# Question re F series fork recall



## Harryquinn (Jan 20, 2011)

Hi

I've really enjoyed riding my 2011 F95 and now I'm thinking of moving up to a 2011 F4 as I fancy getting back into racing with fellow old roadies in my Masters' age group.

The thing is that here in Australia there does not seem to have been any recall or even mention of the issue with the forks. Certainly my LBS, a Felt dealer, knows nothing of it.

Can SuperDave enlighten me as to the Australian F4s? Is there an issue with the forks on these bikes or are they different to the US ones?

Thanks 

David K


----------



## Superdave3T (May 11, 2009)

Harryquinn said:


> Hi
> 
> I've really enjoyed riding my 2011 F95 and now I'm thinking of moving up to a 2011 F4 as I fancy getting back into racing with fellow old roadies in my Masters' age group.
> 
> ...


Only a few forks were recalled. The first production test samples revealed an anomaly in destructive testing of mass production forks. The first 2011 production bicycles were not scheduled for the Australian market, thus they only experiened a delivery delay, not a recall. The number of forks recalled was very small and only affected one production "lay up" or version of the forks. There were no failures of the fork ever reported from the feild. In fact, the forks were only broken with a machine test that isolated the fork, not a complete bike test. Some test protocols did not reveal any issue whatsoever. Felt was overwhelmingly cautious in this case. Even with exceedingly low risk it is never appropriate to proceed with something like a fork that does not live up to our testing standards. Passing the CPSC or EN test standards is not enough.

-SD

-
SD


----------



## Harryquinn (Jan 20, 2011)

SuperdaveFelt said:


> Only a few forks were recalled. The first production test samples revealed an anomaly in destructive testing of mass production forks. The first 2011 production bicycles were not scheduled for the Australian market, thus they only experiened a delivery delay, not a recall. The number of forks recalled was very small and only affected one production "lay up" or version of the forks. There were no failures of the fork ever reported from the feild. In fact, the forks were only broken with a machine test that isolated the fork, not a complete bike test. Some test protocols did not reveal any issue whatsoever. Felt was overwhelmingly cautious in this case. Even with exceedingly low risk it is never appropriate to proceed with something like a fork that does not live up to our testing standards. Passing the CPSC or EN test standards is not enough.
> 
> -SD
> 
> ...


Thanks SuperDave - that's set my mind at rest. Now I just need to find the cash for that F4!

David K


----------



## bareitherd (Feb 11, 2009)

So what is going to happen for 2012? Is Felt going to continue with the Easton fork or are they going to get back to a straight bladed fork like the original design that was said to be superior and that matches the bike?


----------



## st123 (Nov 8, 2010)

bareitherd said:


> So what is going to happen for 2012? Is Felt going to continue with the Easton fork or are they going to get back to a straight bladed fork like the original design that was said to be superior and that matches the bike?

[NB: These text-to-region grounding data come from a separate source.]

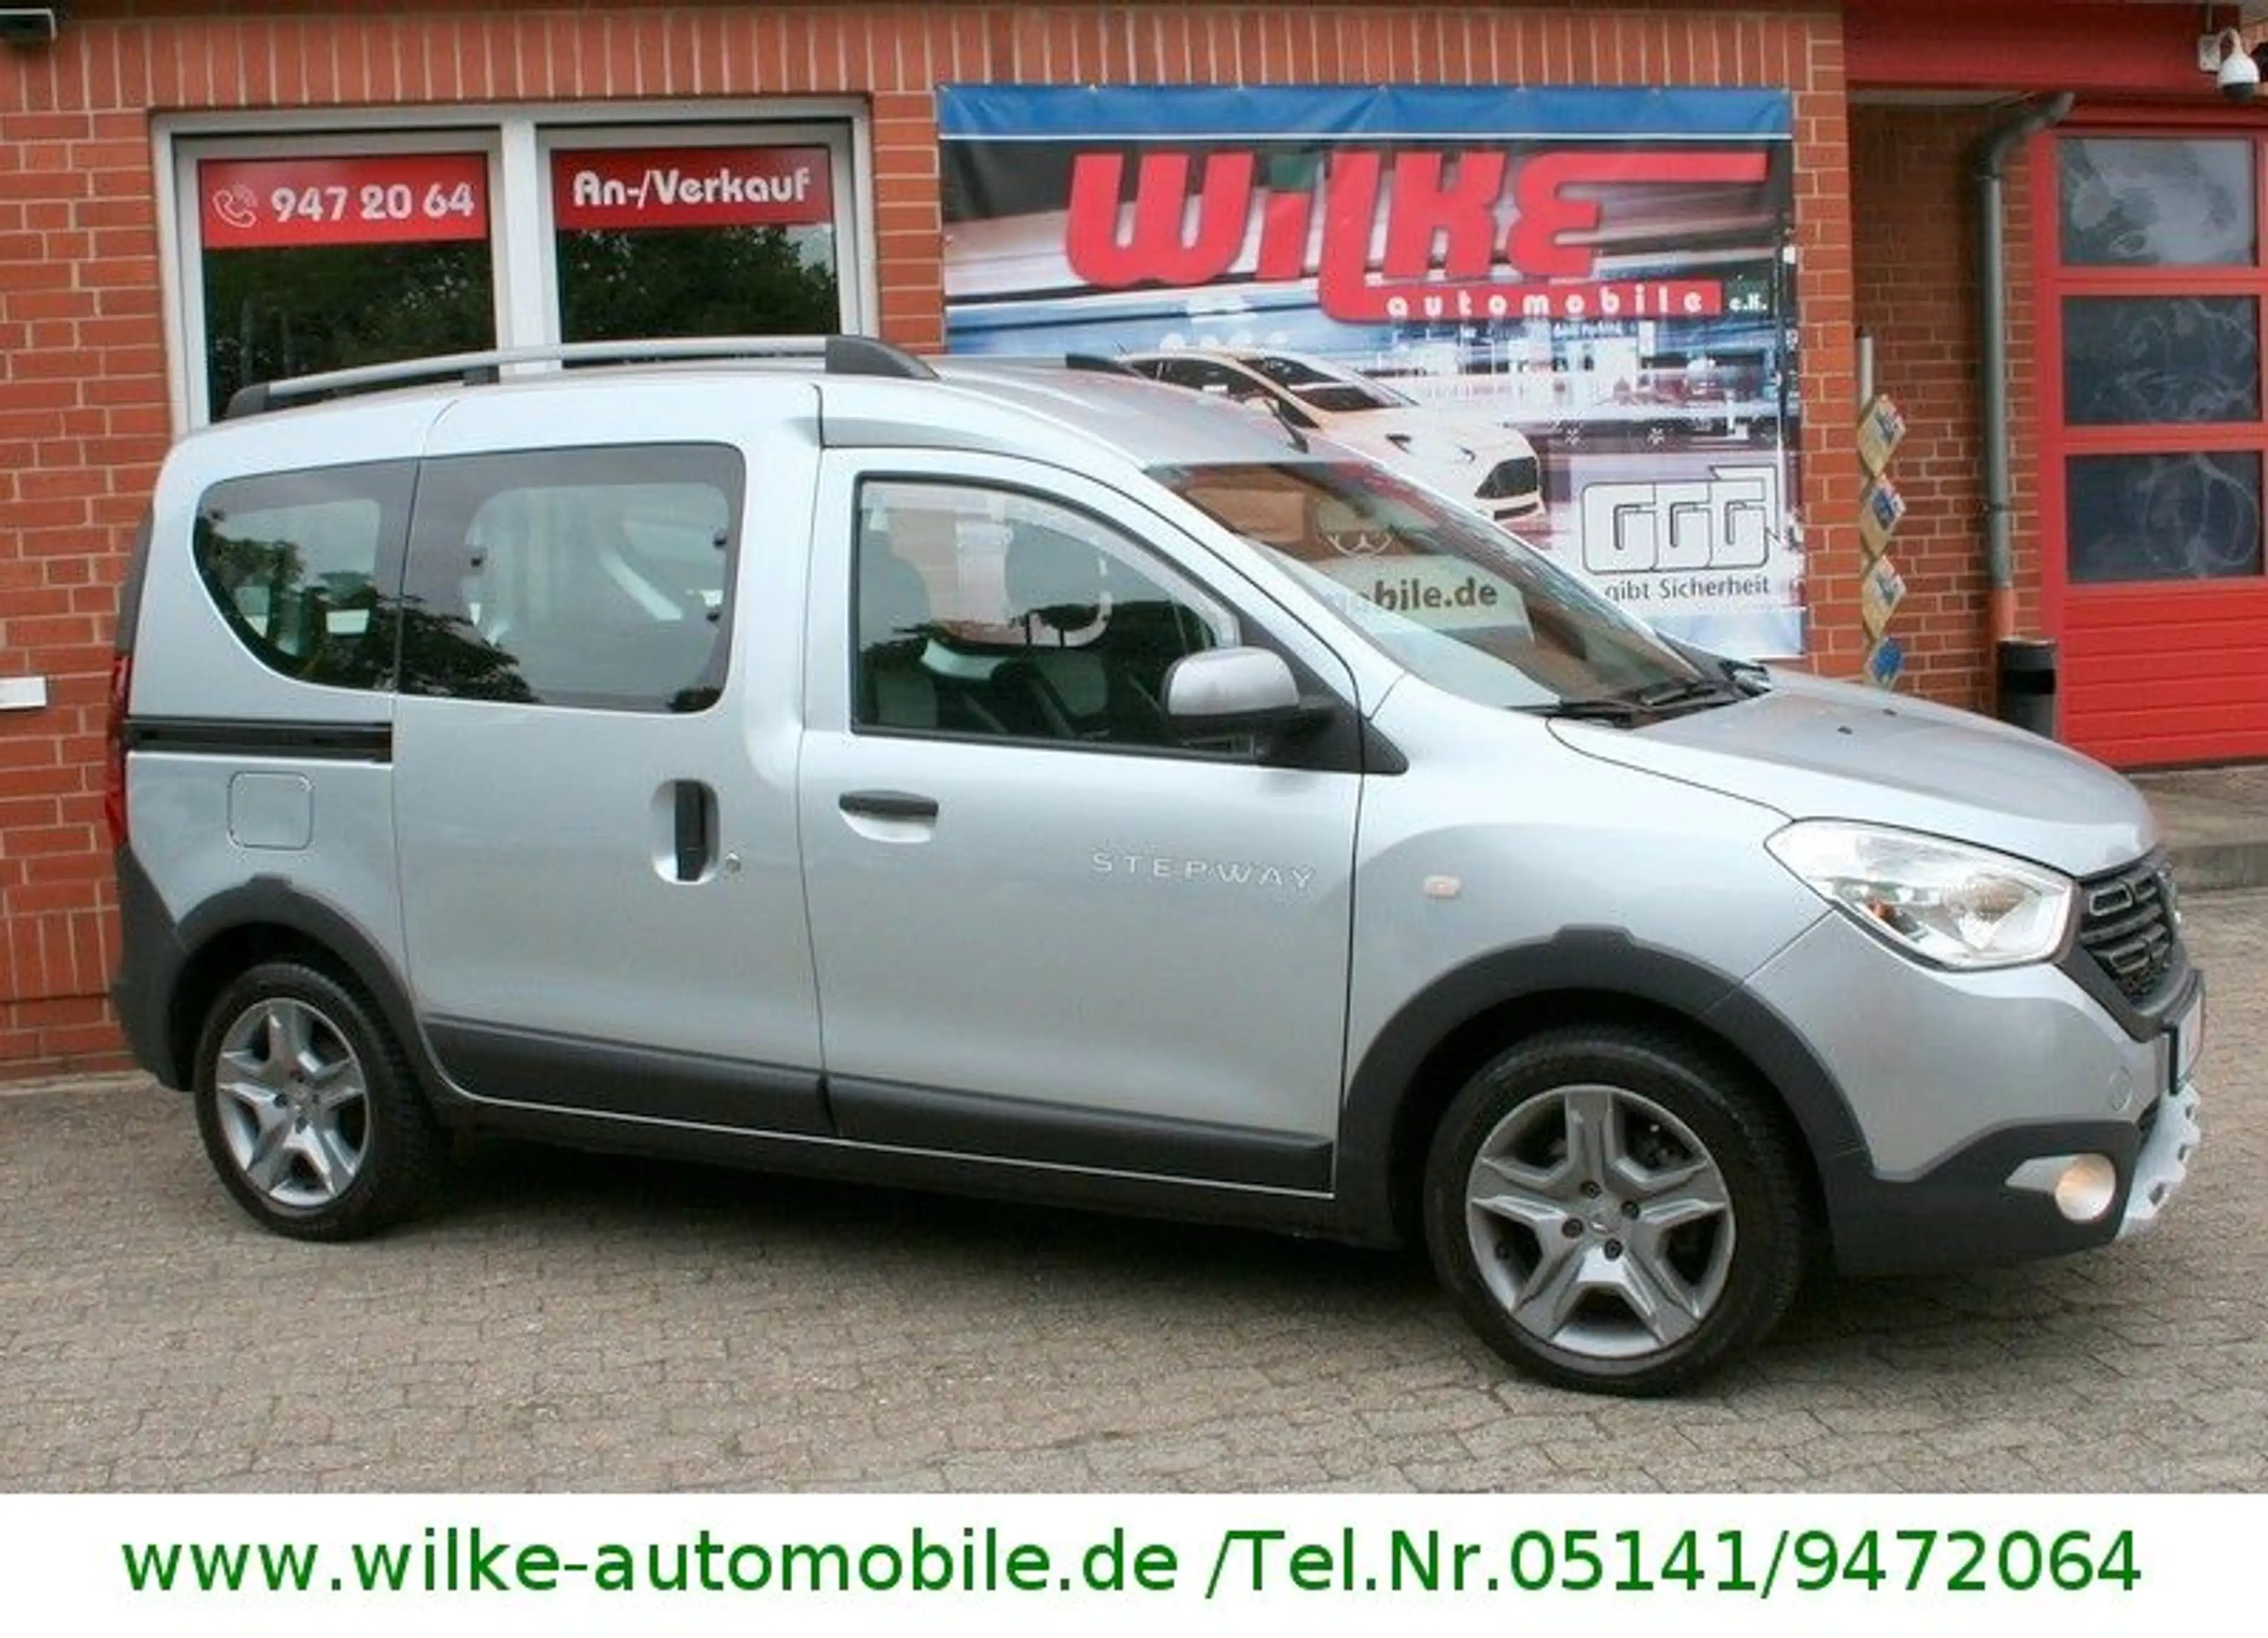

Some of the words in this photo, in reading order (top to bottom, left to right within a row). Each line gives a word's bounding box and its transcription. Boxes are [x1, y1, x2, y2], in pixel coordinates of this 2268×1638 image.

[272, 185, 347, 223] 947
[361, 185, 410, 219] 20
[424, 182, 475, 217] 64
[572, 167, 810, 210] An-/Verkauf
[1384, 285, 1706, 316] automobile
[1360, 575, 1498, 611] bile.de
[1658, 575, 1771, 600] Sicherheit
[1091, 850, 1315, 888] STEPWAY

Thanks bareitherd, I also would like to know that.

I was about to order an FC frame and then they changed to Easton forks.

If they return to the original designed straight fork, I'll buy an FC for sure!


----------



## bareitherd (Feb 11, 2009)

View attachment 233987


st123 said:


> Thanks bareitherd, I also would like to know that.
> 
> I was about to order an FC frame and then they changed to Easton forks.
> 
> If they return to the original designed straight fork, I'll buy an FC for sure!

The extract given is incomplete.